Especialistas discutem impacto da IA na produção literária e no mercado editorial

Uso de algoritmos na criação de obras literárias – antes uma atividade exclusiva dos seres humanos e agora também feita por máquinas – gera dúvidas, incertezas e conflitos éticos

Em julho passado, o cancelamento de um concurso literário promovido pela Editora Kotter, de Curitiba (PR), revelou os primeiros impactos que a inteligência artificial (IA) vem causando na produção literária e no mercado editorial brasileiro. São os primeiros sinais de um tempo de incertezas e expectativas.

Em suas mídias sociais, a Editora Kotter publicou um comunicado cancelando a edição de 2025 de seu concurso de literatura, filosofia e política. Segundo as informações da editora, das 900 obras recebidas, 40 apresentaram sinais óbvios do uso de IA, enquanto 60 mostraram fortes indícios de inteligência artificial em sua produção. “Pelo nosso compromisso com a idoneidade literária, diante da identificação de inúmeras obras recebidas terem sido geradas por IA e na impossibilidade de identificar com a certeza necessária esse uso, vimo-nos forçados a cancelar o concurso deste ano”, informa a nota da Kotter. “Estamos estudando como realizar o concurso, ano que vem, em tempos de IA.”

A partir desse fato, o Jornal da USP procurou professores e especialistas nas áreas da tecnologia, da literatura e da editoração para ouvir o que eles pensam das possibilidades, problemas e incertezas trazidos pelos algoritmos. O cenário é repleto de dúvidas, e a cautela vem sendo adotada como principal procedimento. Entretanto, apesar dos problemas previstos, não se espera nenhuma catástrofe.

Para o sociólogo Glauco Arbix, professor da Faculdade de Filosofia, Letras e Ciências Humanas (FFLCH) da USP e coordenador do Observatório da Inovação do Instituto de Estudos Avançados (IEA) da USP, situações como a vista em Curitiba devem acontecer de modo cada vez mais frequente. “Como as ferramentas e plataformas de IA estão evoluindo muito rapidamente e ganhando qualidade muito grande, elas estão se aproximando de textos muito semelhantes aos produzidos por humanos”, comenta o professor. “Isso faz com que seja cada vez mais difícil identificar o que foi feito ou não pela máquina.”

O problema, Arbix explica, é que a literatura envolve aquilo que nos distingue como humanos: a criatividade. A linguagem é o reino da humanidade, o que nos separa de outros entes e seres da natureza. Estruturar emoções, dar formas aos sentimentos e explorar a criatividade são áreas em que até há pouco tempo tínhamos certeza ser impossível a imitação, seja por animais, seja por máquinas.

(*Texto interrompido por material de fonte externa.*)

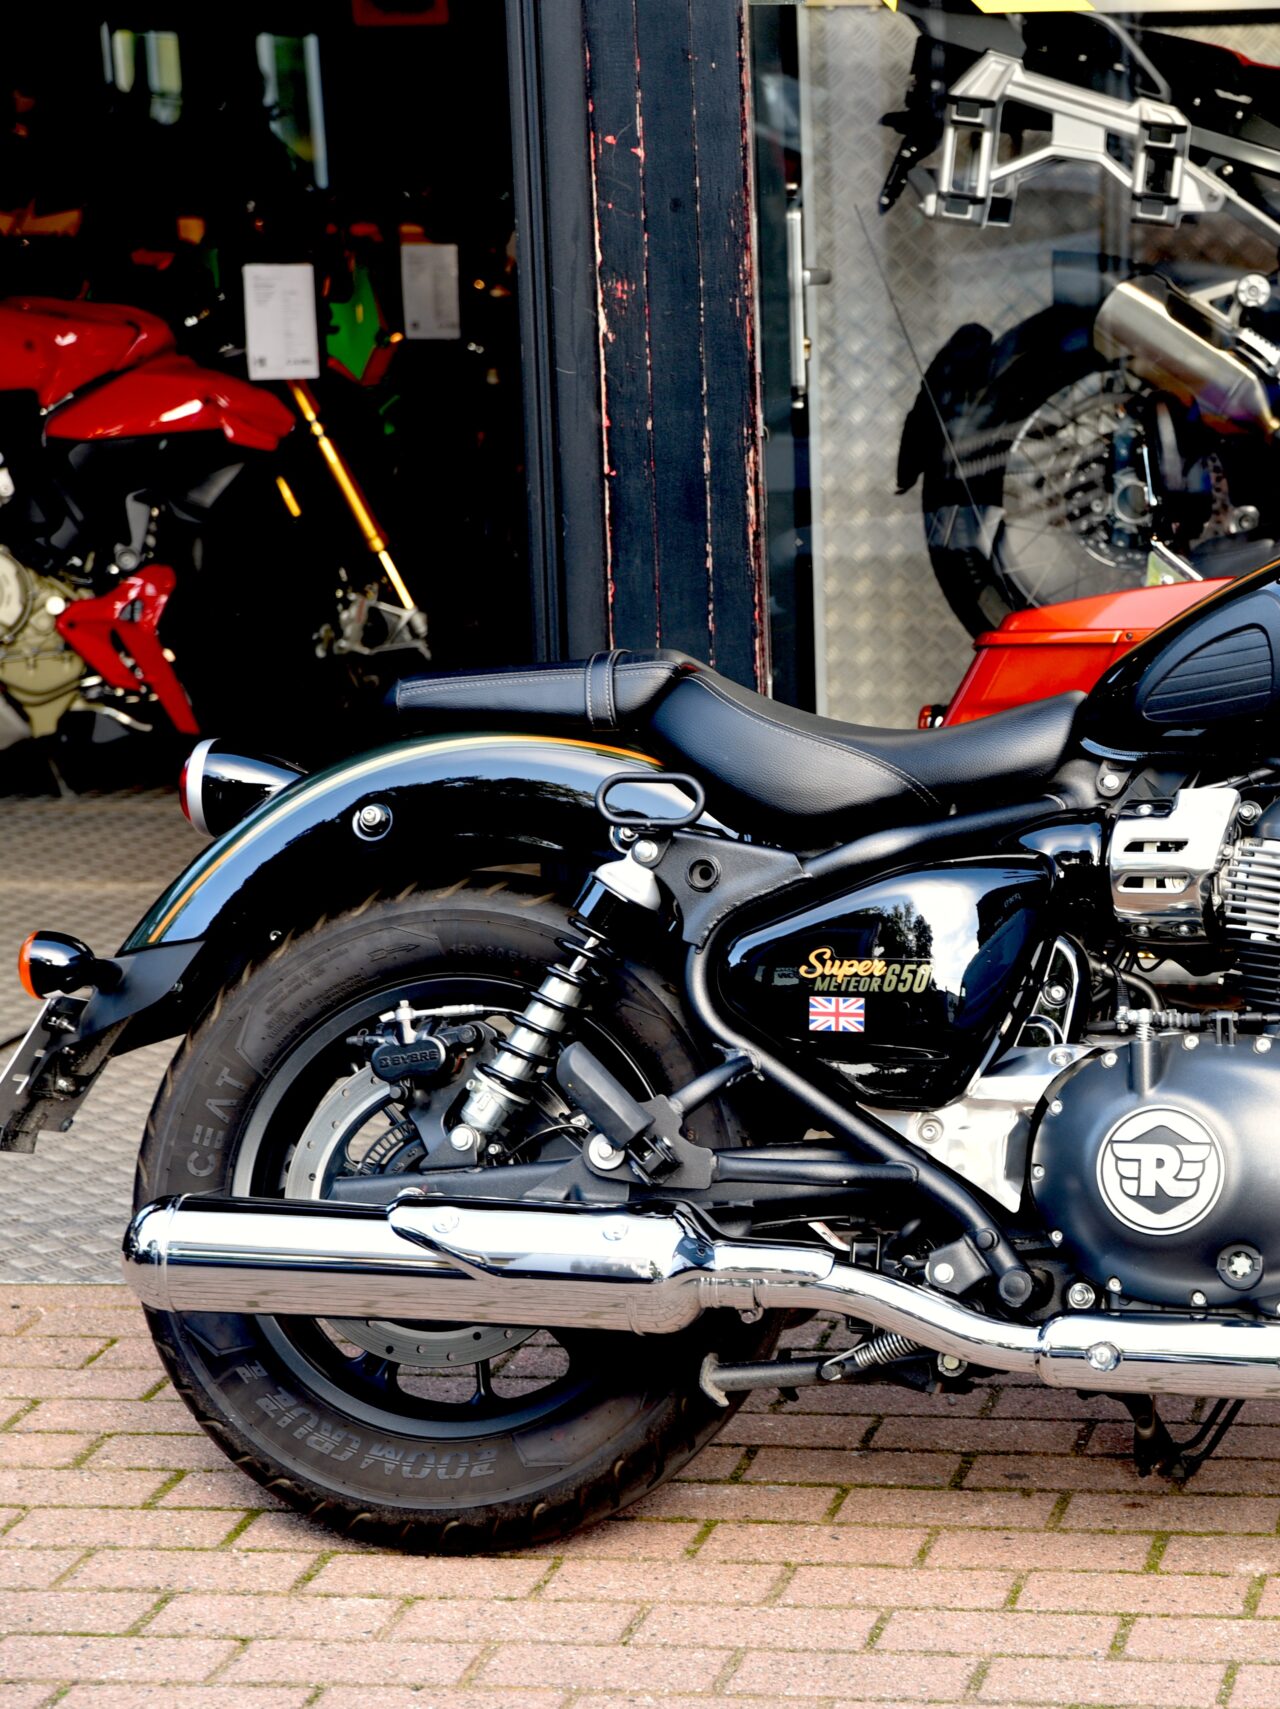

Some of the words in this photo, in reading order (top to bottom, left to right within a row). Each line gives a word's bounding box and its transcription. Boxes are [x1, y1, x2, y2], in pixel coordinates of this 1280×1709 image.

[798, 947, 888, 984] Super
[813, 976, 880, 992] METEOR
[882, 963, 931, 994] 650
[187, 1066, 248, 1177] CEAT
[359, 1443, 497, 1480] ZOOM

Homem com bigode e usando óculos.

O professor Glauco Arbix – Foto: Marcos Santos/USP Imagens

“O que estamos vendo é que os algoritmos estão evoluindo tão rapidamente que eles acabam ocupando o espaço que achávamos ser nosso, dos humanos”, indica o professor. Mas não se trata de uma situação exclusiva do campo literário. Na produção audiovisual, na área musical e em todos os ramos e segmentos da produção artística, Arbix vê esse mesmo processo em operação, de maneira generalizada.

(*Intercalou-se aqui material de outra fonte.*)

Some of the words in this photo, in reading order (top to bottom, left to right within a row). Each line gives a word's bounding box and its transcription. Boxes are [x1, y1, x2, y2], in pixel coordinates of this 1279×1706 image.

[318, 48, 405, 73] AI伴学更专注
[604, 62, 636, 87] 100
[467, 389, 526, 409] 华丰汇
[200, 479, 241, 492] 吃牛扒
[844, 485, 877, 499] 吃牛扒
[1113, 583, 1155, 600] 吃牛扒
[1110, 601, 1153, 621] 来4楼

No que toca o campo literário, os desafios não dizem respeito apenas a concursos, diz o professor. Povoar o mundo com textos, poesias, ensaios, músicas e vídeos produzidos por algoritmos traz também perguntas éticas. “Até que ponto você não está reproduzindo vieses e preconceitos contidos nos bancos de dados dessas grandes plataformas?”, questiona Arbix. Ele cita o exemplo da Grok, ferramenta de inteligência artificial de Elon Musk, que tem suas respostas afinadas com a linha editorial da Fox News, favorável a Donald Trump.

“Não é só informação errada. Estou falando sobre orientações ligadas à visão de mundo”, comenta o docente. “Isso implica visão de mundo sobre as mulheres, gênero, religião, sobre a geopolítica, todas as questões que tratamos no dia a dia.”

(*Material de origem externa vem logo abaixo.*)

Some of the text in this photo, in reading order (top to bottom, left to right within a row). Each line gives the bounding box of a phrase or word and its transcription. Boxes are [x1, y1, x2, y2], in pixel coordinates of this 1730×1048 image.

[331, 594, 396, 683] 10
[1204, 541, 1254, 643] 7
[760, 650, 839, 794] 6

Por isso, assinala Arbix, o primeiro passo é educar as pessoas sobre as plataformas e o que é a IA, alertando sobre os preconceitos que podem vir embutidos nos dados e respostas produzidos pelas ferramentas. Mais importante do que vetar o uso, acredita, é fundamental ajudar as pessoas a entender a natureza dessas plataformas.

É nesse sentido que o professor também considera essencial conscientizar a sociedade para a necessidade de transparência no uso da IA. “É preciso educar e tirar procedimentos, mostrar para as pessoas que ser transparente não desvaloriza suas atividades.” Indicar onde as ferramentas foram usadas valorizaria o trabalho humano dos autores, defende, tanto no campo literário como nos próprios meios universitários e científicos, onde o uso da inteligência artificial já é uma realidade, apesar das dificuldades de regulamentar seu uso.

Outro ponto levantado por Arbix envolve os possíveis impactos que delegar atividades tipicamente humanas para máquinas pode representar para a vida das pessoas. “O que significa isso, do ponto de vista da sua estrutura como ser humano? Significa que você está pensando menos, de uma maneira mutilada? Ao delegar, você adormece parte de suas atividades, você está entorpecendo suas habilidades ou, no mínimo, deixando de desenvolvê-las? Isso está em aberto, não temos respostas conclusivas.”

De todo modo, Arbix considera que outro aspecto importante da discussão é reafirmar a relevância da atividade humana e que nem tudo pode ser delegado para as máquinas. “Cada vez que você substitui os humanos, você tem perda de qualidade no que faz.” O professor pensa, aqui, sobretudo nas tarefas do pensamento. Diferentemente de outras ferramentas, como uma calculadora, os algoritmos tomam decisões relacionadas à cognição. “Atingem pessoas que trabalham com a mente e o pensamento. Você não está apenas no nível de rotinizar atividades corriqueiras.” Esse é o ponto: até hoje, as máquinas substituíram músculos, diz o professor. Mas agora estão substituindo mentes.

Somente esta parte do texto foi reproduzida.